Top of Records provided

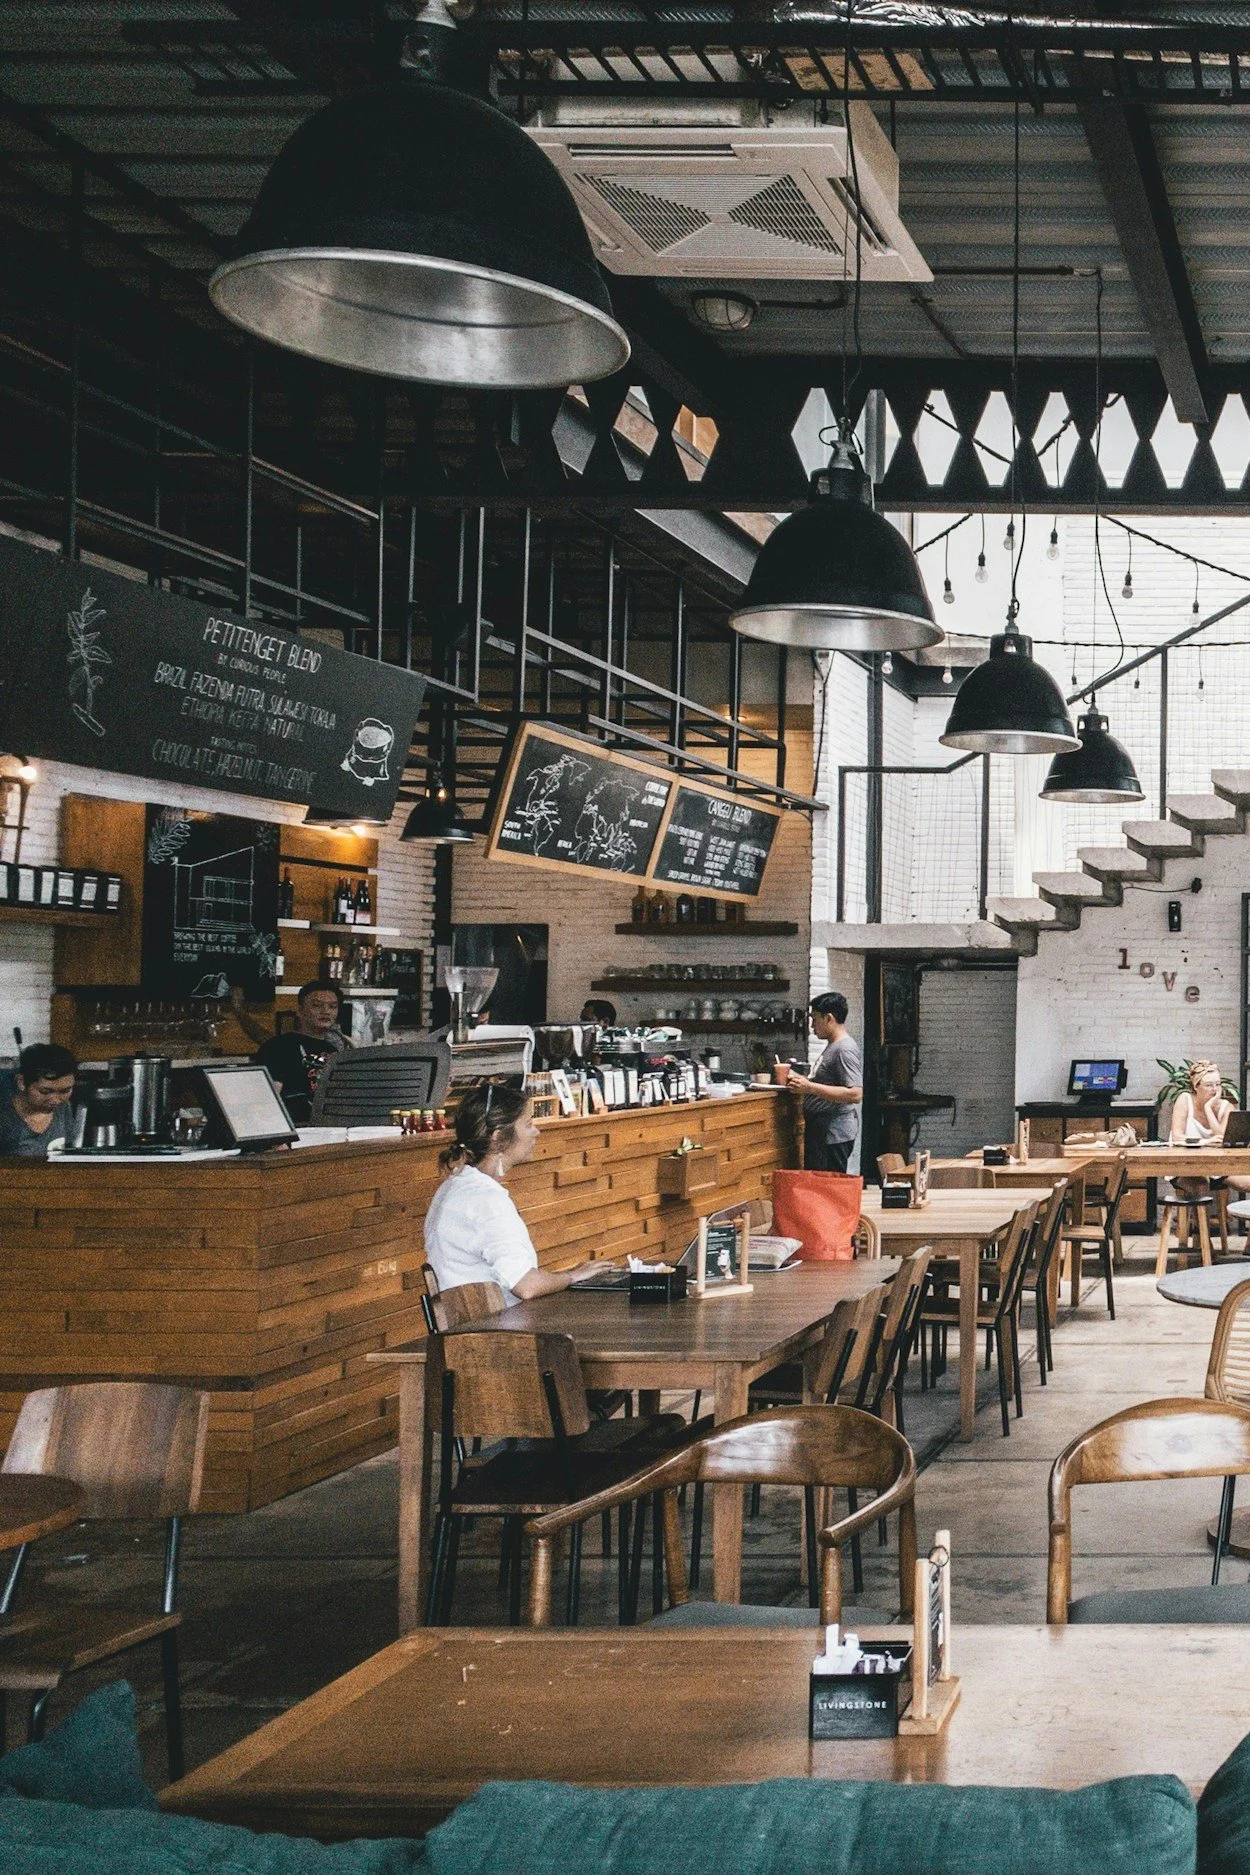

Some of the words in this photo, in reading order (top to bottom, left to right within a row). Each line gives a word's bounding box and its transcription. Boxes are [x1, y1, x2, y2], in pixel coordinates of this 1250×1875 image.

[203, 617, 287, 662] PETITENGET
[287, 644, 322, 673] BLEND
[154, 661, 187, 690] BRAZIL
[189, 671, 235, 701] FAZENDA
[217, 653, 226, 665] BY
[229, 657, 259, 674] CURIOUS
[263, 667, 287, 684] PEOPLE
[180, 696, 225, 724] ETHIOPIA
[732, 806, 752, 825] BLEND
[1118, 948, 1200, 1003] love
[818, 1700, 887, 1710] LIVINGSTONE

Bottom of Records provided

◆ Activity: The answer must be an exact copy of the records above, with the pictures left out.

◆ Task result:
Some of the words in this photo, in reading order (top to bottom, left to right within a row). Each line gives a word's bounding box and its transcription. Boxes are [x1, y1, x2, y2], in pixel coordinates of this 1250×1875 image.

[203, 617, 287, 662] PETITENGET
[287, 644, 322, 673] BLEND
[154, 661, 187, 690] BRAZIL
[189, 671, 235, 701] FAZENDA
[217, 653, 226, 665] BY
[229, 657, 259, 674] CURIOUS
[263, 667, 287, 684] PEOPLE
[180, 696, 225, 724] ETHIOPIA
[732, 806, 752, 825] BLEND
[1118, 948, 1200, 1003] love
[818, 1700, 887, 1710] LIVINGSTONE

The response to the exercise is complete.